When war was declared in 1914, it was decided that Britain should continue to follow the economic philosophy of Herbert Asquith’s Liberal government and its free trade doctrines. People could contribute to the country’s war effort by ‘carrying on’ as usual – or at least as far as possible.
The catchphrase ‘business as usual’, generally attributed to David Lloyd George when he was Chancellor of the Exchequer, was also used a good deal. He supposedly coined it in August 1914 in a speech to business leaders as a part of a plan to reduce the effect of the war on the economy. The big shopkeepers took up the slogan, as did manufacturers and representatives of industry.
Was it business ‘as usual’?
This one-day event seeks to investigate how businesses – big and small – national or local – did manage to carry on “as usual” – or whether they were forced to radically change their way of doing things during the war.

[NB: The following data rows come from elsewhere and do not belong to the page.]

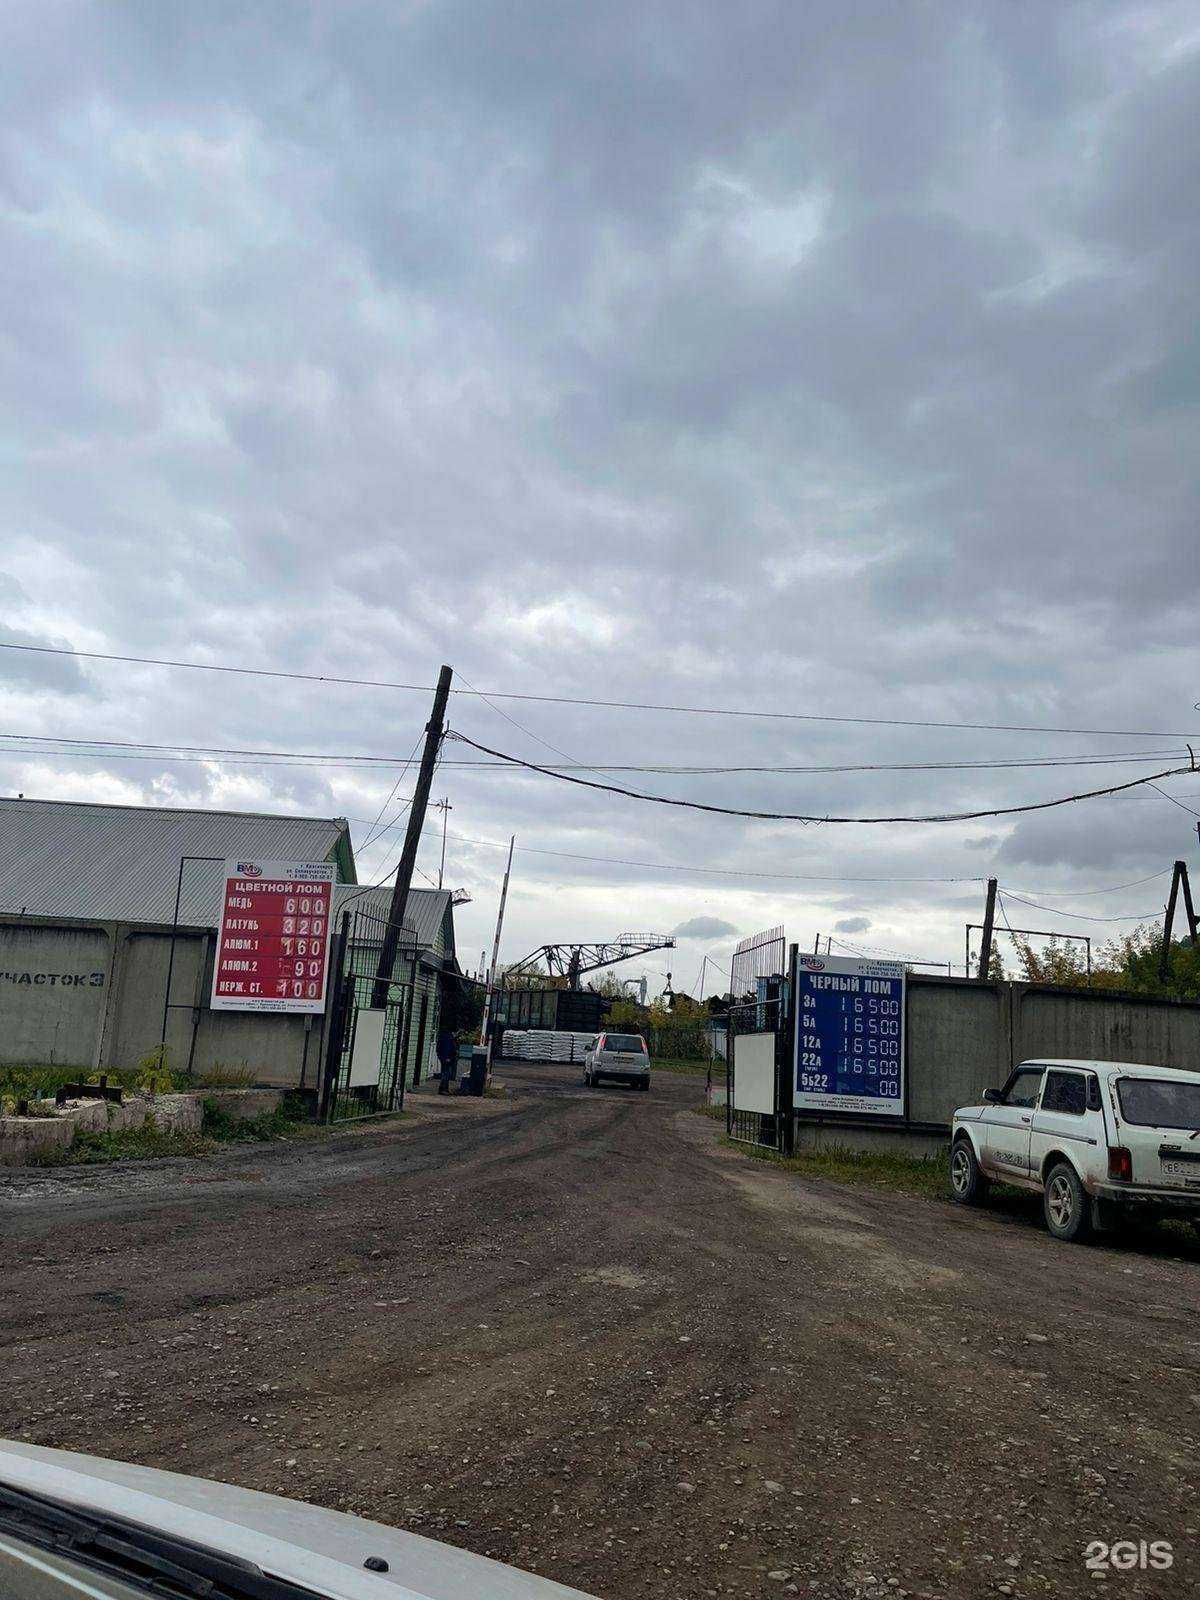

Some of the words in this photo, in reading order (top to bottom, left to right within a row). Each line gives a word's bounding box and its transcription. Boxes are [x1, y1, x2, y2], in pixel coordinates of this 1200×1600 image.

[235, 881, 293, 893] ЦВЕТНОЙ
[296, 884, 323, 893] ЛОМ
[228, 897, 252, 909] МЕДЬ
[286, 898, 324, 914] 600
[225, 919, 259, 930] ЛАТУНЬ
[283, 918, 322, 934] 320
[224, 939, 259, 950] АЛЮМ.1
[283, 939, 320, 955] 160
[221, 960, 258, 972] АЛЮМ.2
[249, 982, 264, 993] СТ.
[809, 975, 860, 992] ЧЕРНЫЙ
[864, 979, 891, 995] ЛОМ
[803, 1014, 816, 1028] 5А
[803, 1035, 821, 1049] 12А
[802, 1053, 822, 1067] 22А
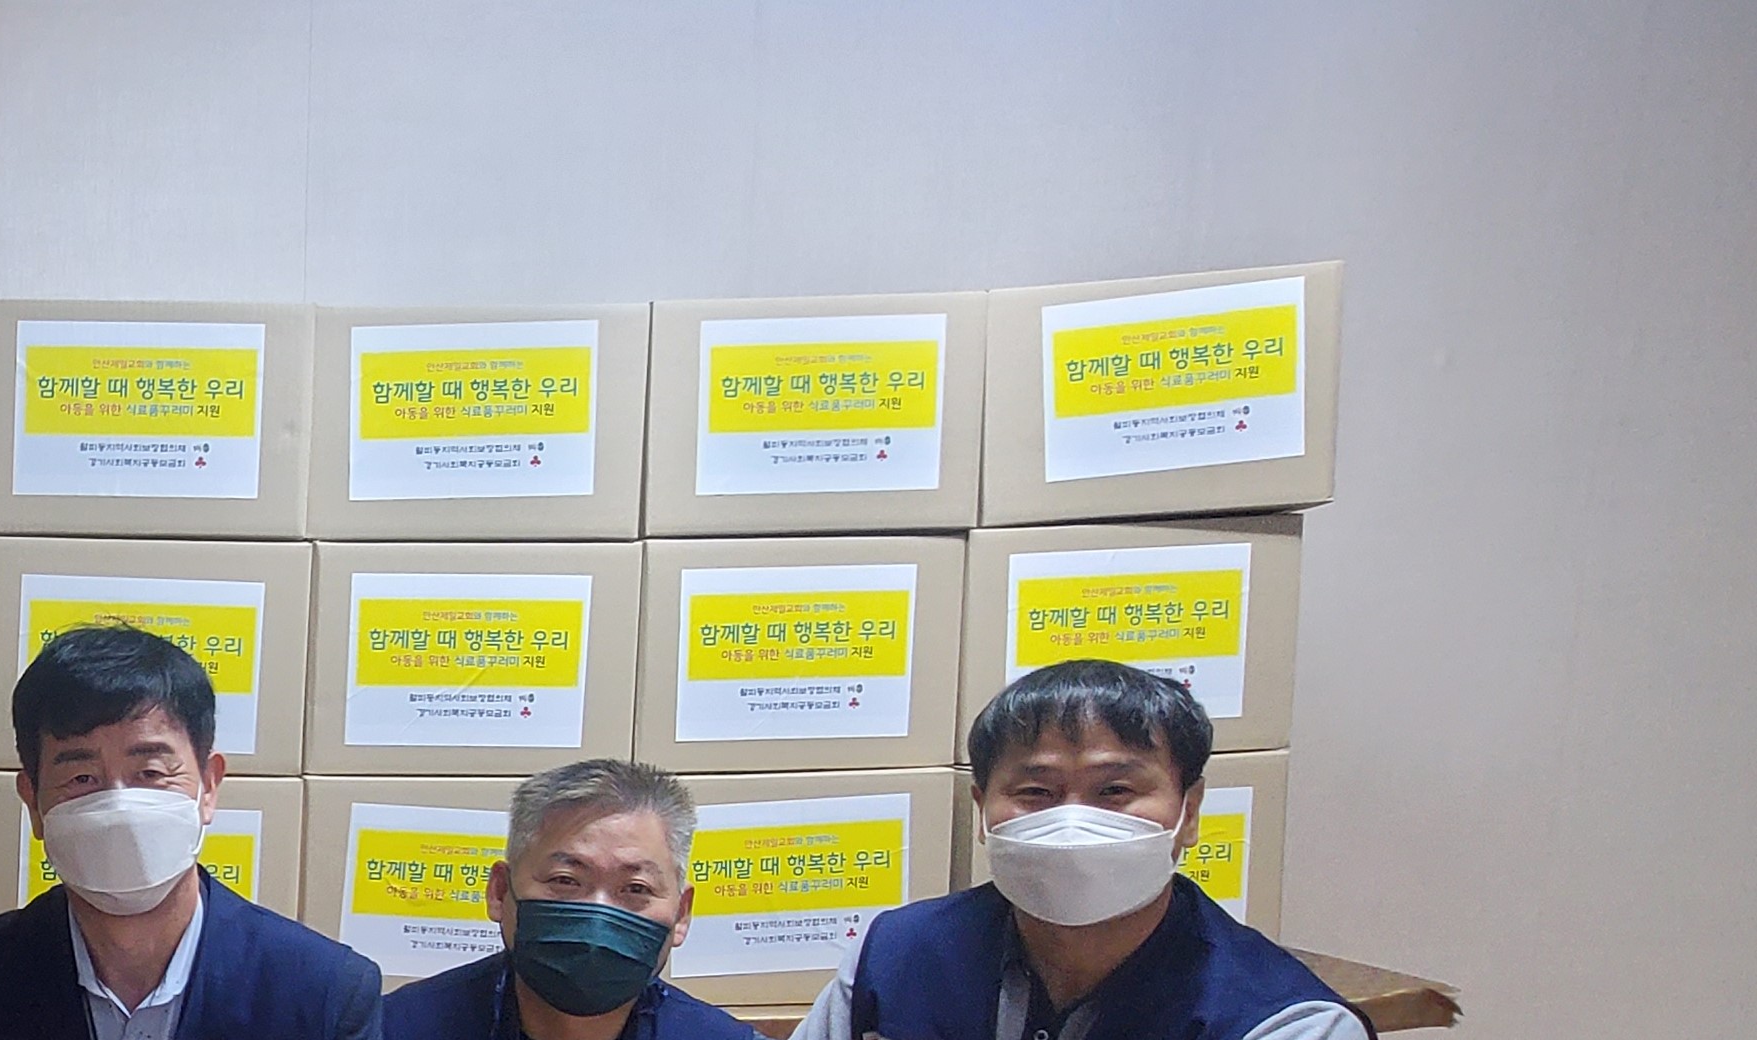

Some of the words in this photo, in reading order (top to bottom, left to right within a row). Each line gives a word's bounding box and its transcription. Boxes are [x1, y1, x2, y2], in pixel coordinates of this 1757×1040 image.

We want to explore some of the following questions:
- How did manufacturers or retailers engage in what Leslie Midkiff DeBauche has termed ‘practical patriotism’? How did they `combine allegiance to country and to business’?
- Could making a profit ever become profiteering?
- How did the media treat these issues?
- Did it matter who you did business with? What instances are there of companies trading with “enemy” partners? What was the consequence of this?
Two short plays from 1916 and 1921
Also part of the day will be a semi-staged performance of two short 1-act plays dealing with these topics: Howard and Son (1916) and Harold Brighouse’s satire Once a Hero (1921)
The event is FREE, but places are limited and therefore booking is required. Places are limited and early booking recommended.
Complimentary lunch and refreshments will be provided. Please indicate any dietary or other requirements with your registration.
A more detailed programme will be made available closer to the event date.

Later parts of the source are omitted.